TASK STATEMENT »
Restate the data word for word and leave the images out.

Stored data entries »

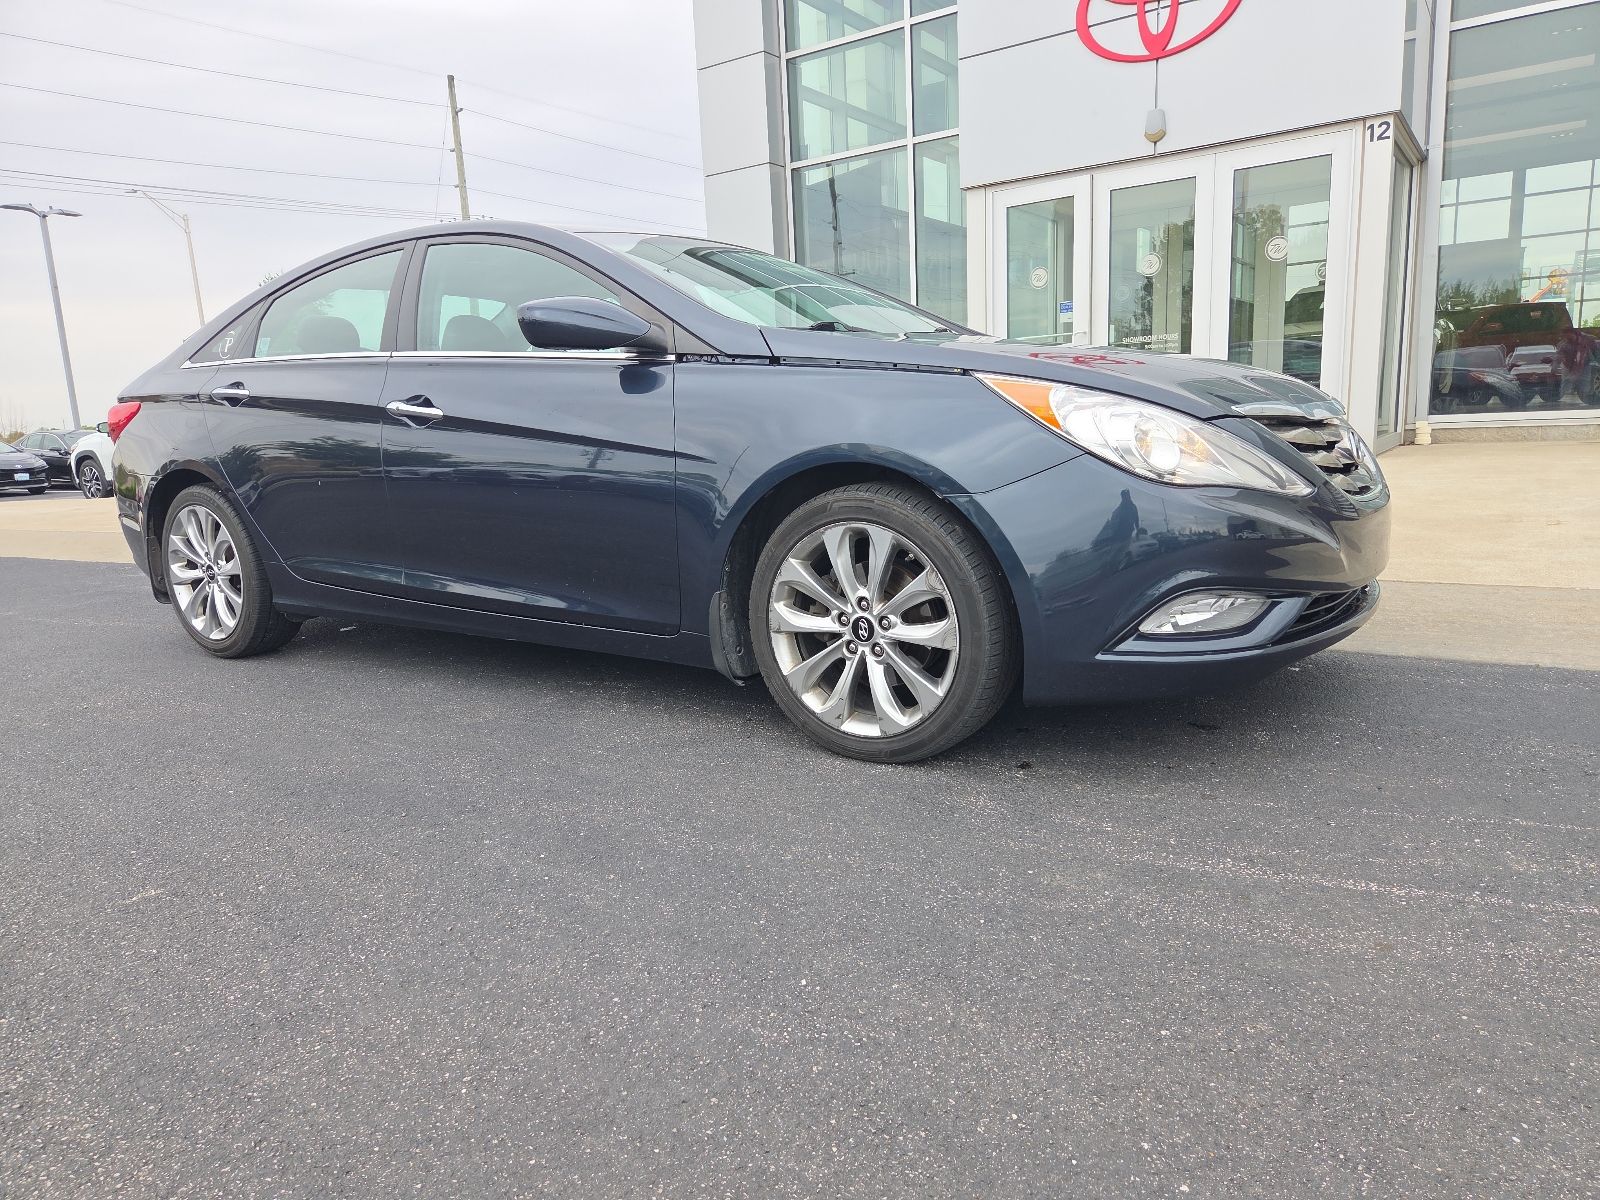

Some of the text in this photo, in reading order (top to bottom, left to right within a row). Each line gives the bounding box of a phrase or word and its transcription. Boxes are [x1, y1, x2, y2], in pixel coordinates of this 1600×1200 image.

[1366, 120, 1391, 143] 12
[1122, 333, 1179, 343] SHOWROOM HOURS
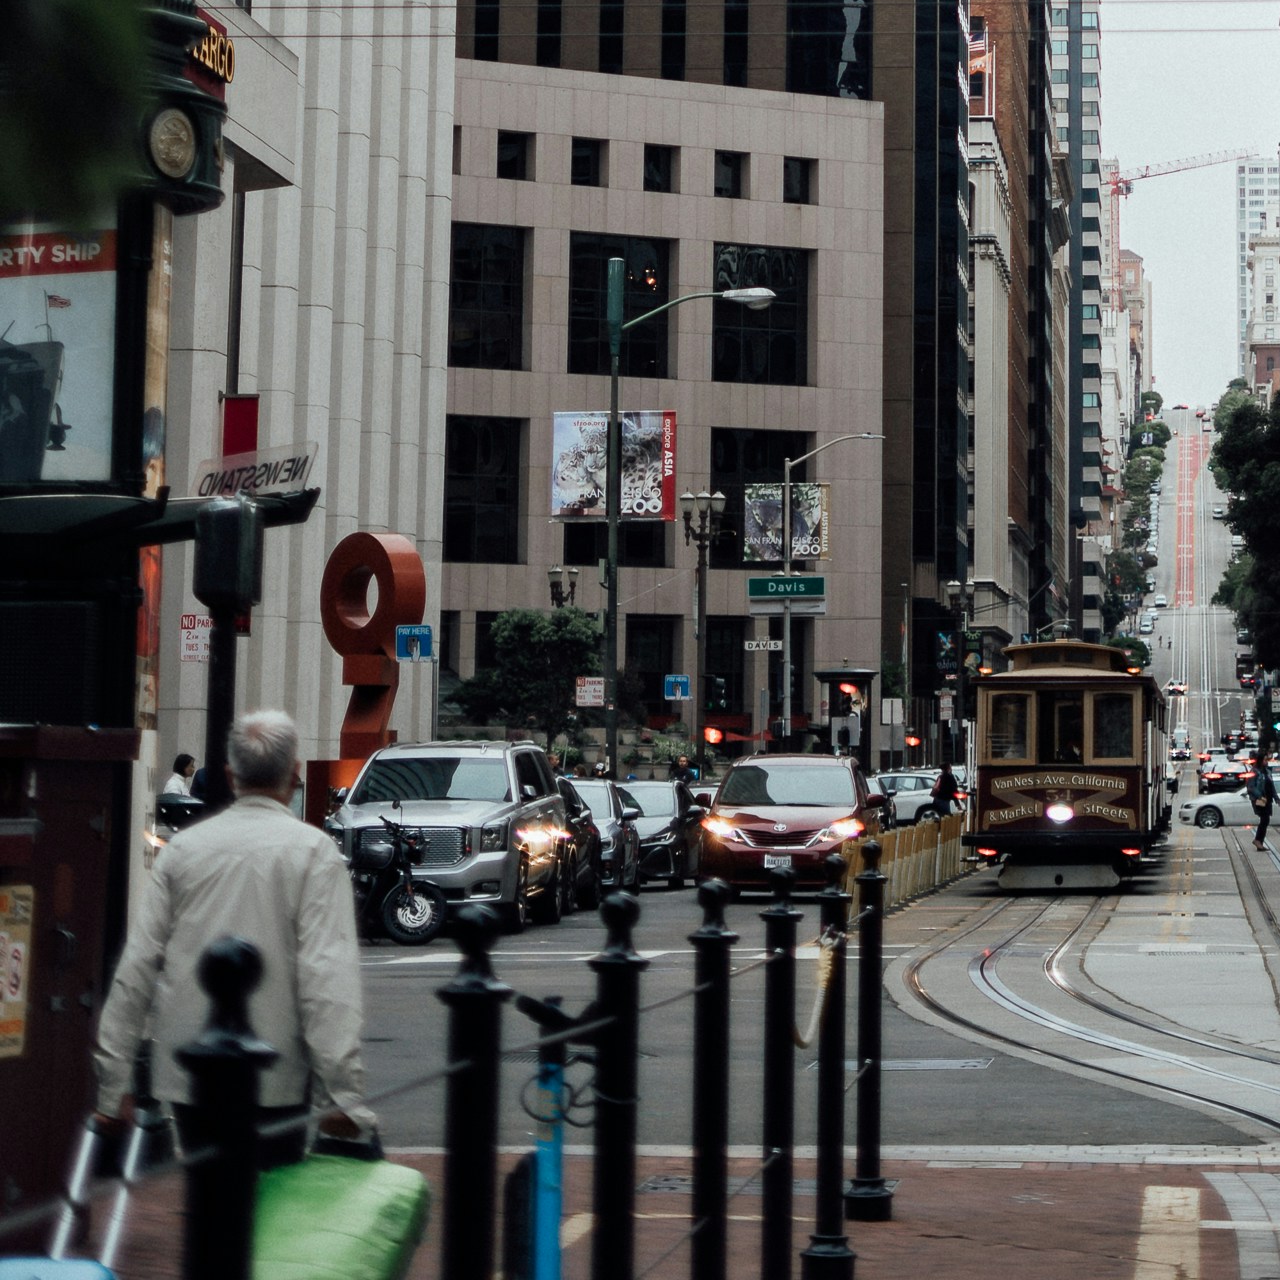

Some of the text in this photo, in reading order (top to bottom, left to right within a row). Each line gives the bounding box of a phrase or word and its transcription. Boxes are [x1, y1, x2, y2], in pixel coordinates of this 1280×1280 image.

[193, 26, 235, 83] ARGO
[51, 242, 101, 262] SHIP
[573, 419, 606, 427] sfzoo.org
[664, 418, 674, 477] explore ASIA
[579, 488, 606, 498] FRAN
[622, 487, 661, 498] CISCO
[621, 498, 663, 514] ZOO
[821, 511, 829, 553] AUSTRALIA
[744, 536, 820, 545] SAN FRAN CISCO
[792, 544, 821, 555] ZOO
[768, 582, 805, 592] Davis
[182, 616, 194, 629] NO
[398, 627, 430, 635] PAY HERE
[185, 643, 199, 652] TUES
[747, 642, 779, 650] DAVIS
[994, 779, 1013, 789] Van
[1071, 775, 1126, 790] California
[989, 802, 1128, 821] & Market Streets
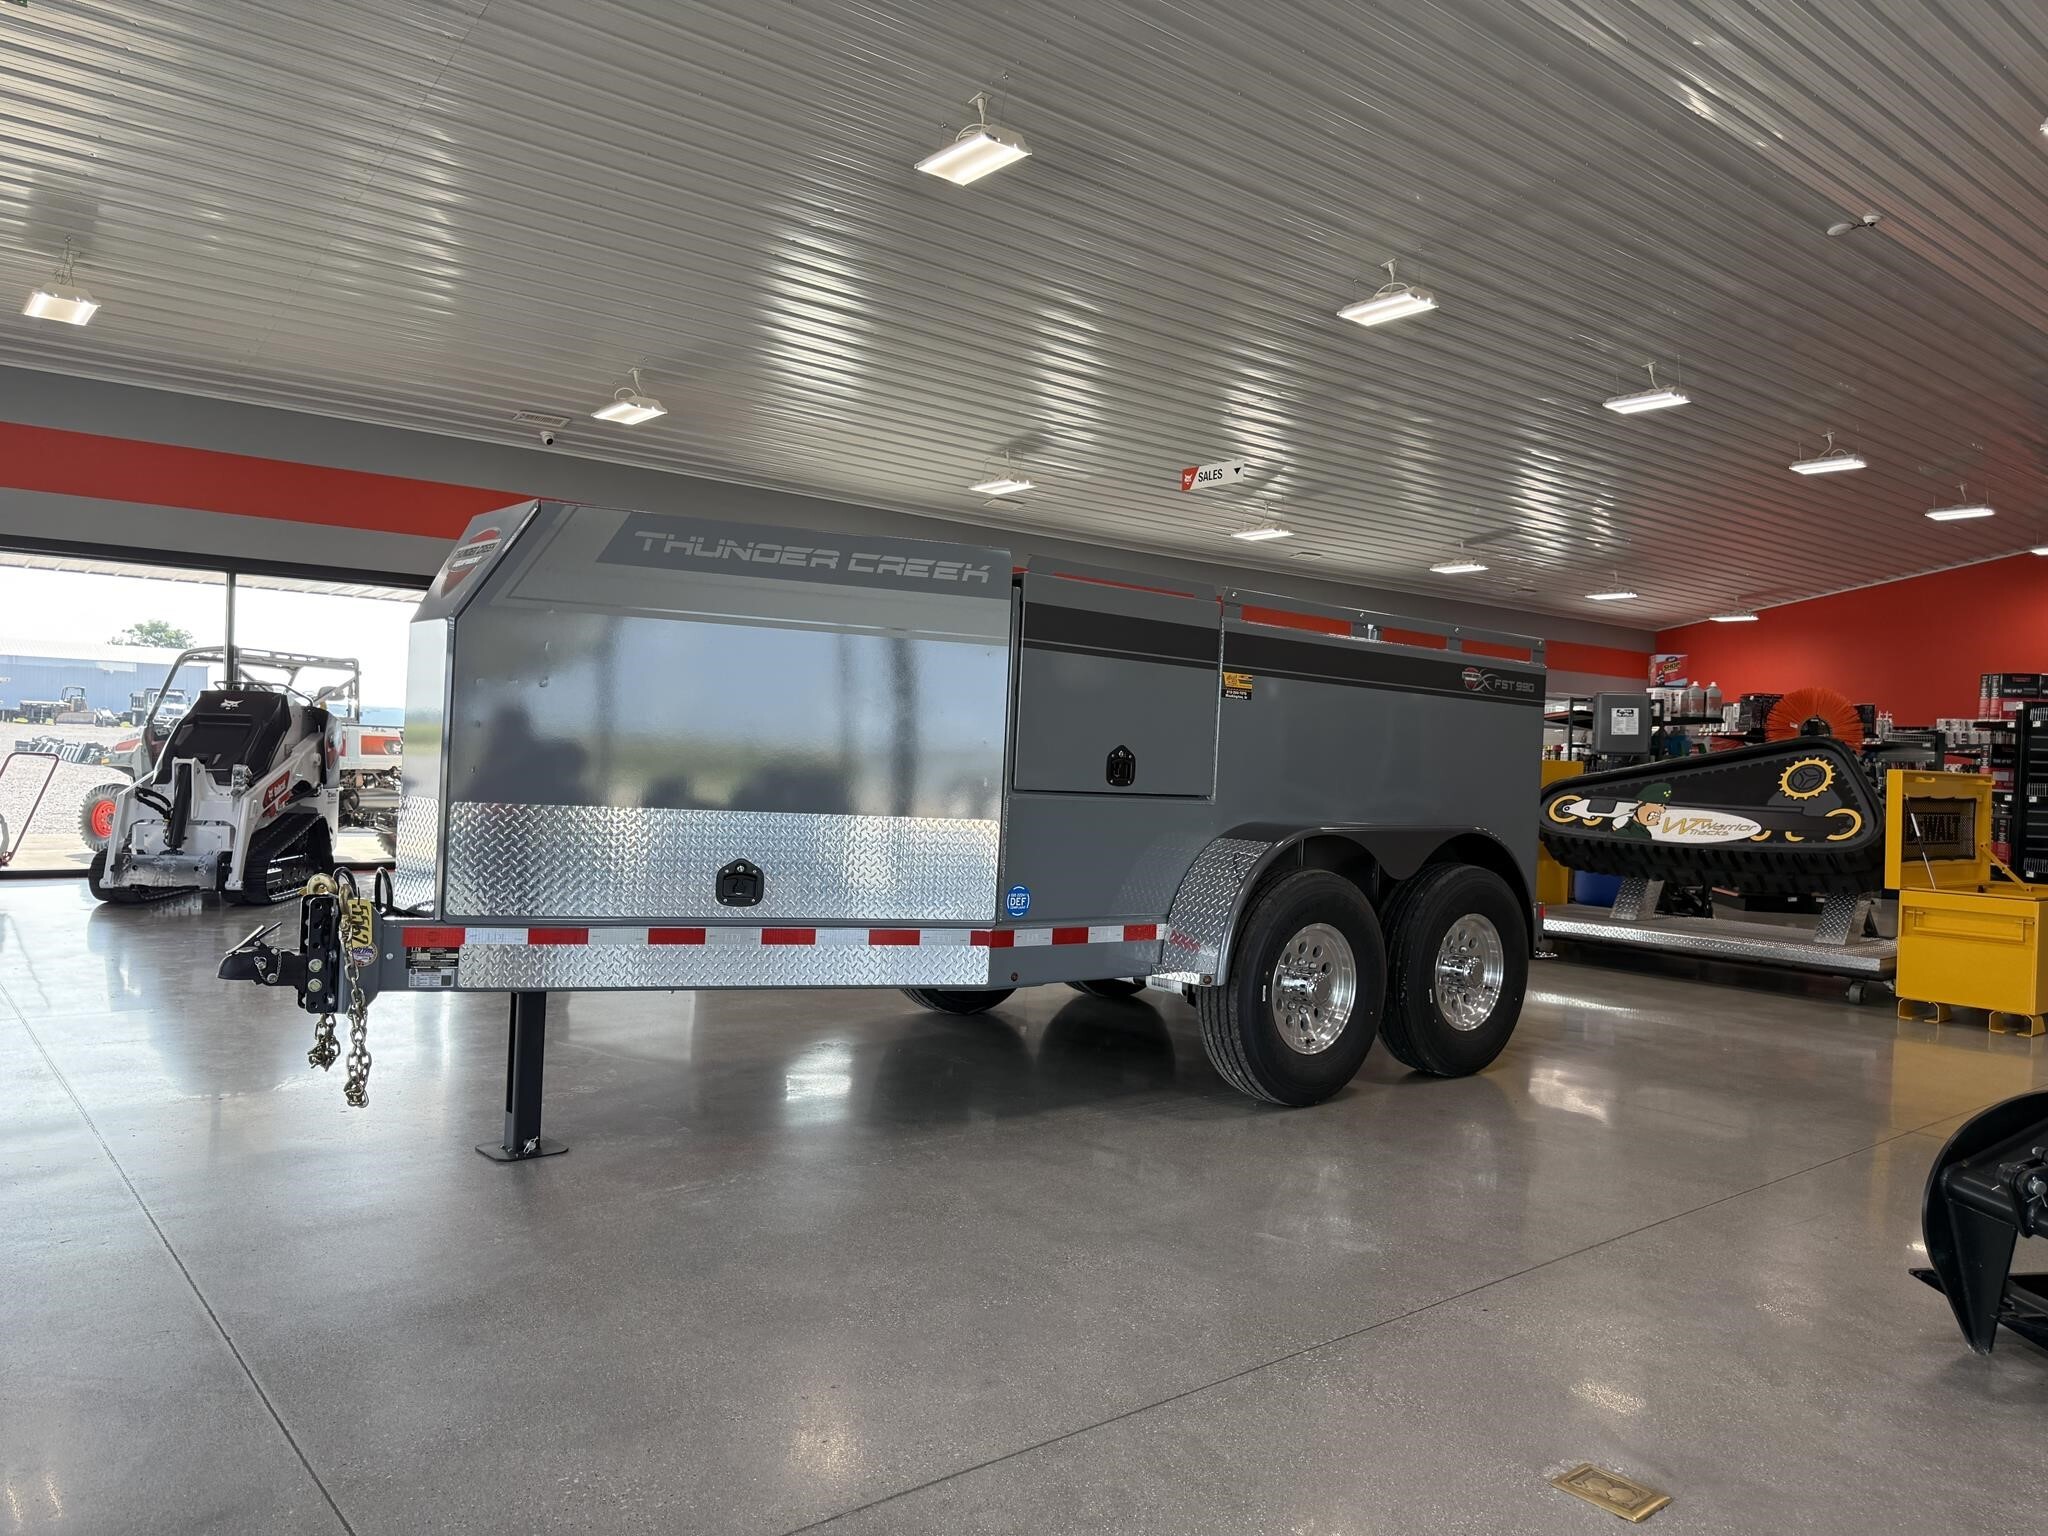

ANSWER AREA »
Some of the text in this photo, in reading order (top to bottom, left to right within a row). Each line gives the bounding box of a phrase or word and its transcription. Boxes are [x1, y1, x2, y2], in pixel coordinates of this 1600×1200 image.

[1366, 120, 1391, 143] 12
[1122, 333, 1179, 343] SHOWROOM HOURS

Some of the text in this photo, in reading order (top to bottom, left to right within a row). Each line gives the bounding box of a phrase or word and its transcription. Boxes are [x1, y1, x2, y2], in pixel coordinates of this 1280×1280 image.

[193, 26, 235, 83] ARGO
[51, 242, 101, 262] SHIP
[573, 419, 606, 427] sfzoo.org
[664, 418, 674, 477] explore ASIA
[579, 488, 606, 498] FRAN
[622, 487, 661, 498] CISCO
[621, 498, 663, 514] ZOO
[821, 511, 829, 553] AUSTRALIA
[744, 536, 820, 545] SAN FRAN CISCO
[792, 544, 821, 555] ZOO
[768, 582, 805, 592] Davis
[182, 616, 194, 629] NO
[398, 627, 430, 635] PAY HERE
[185, 643, 199, 652] TUES
[747, 642, 779, 650] DAVIS
[994, 779, 1013, 789] Van
[1071, 775, 1126, 790] California
[989, 802, 1128, 821] & Market Streets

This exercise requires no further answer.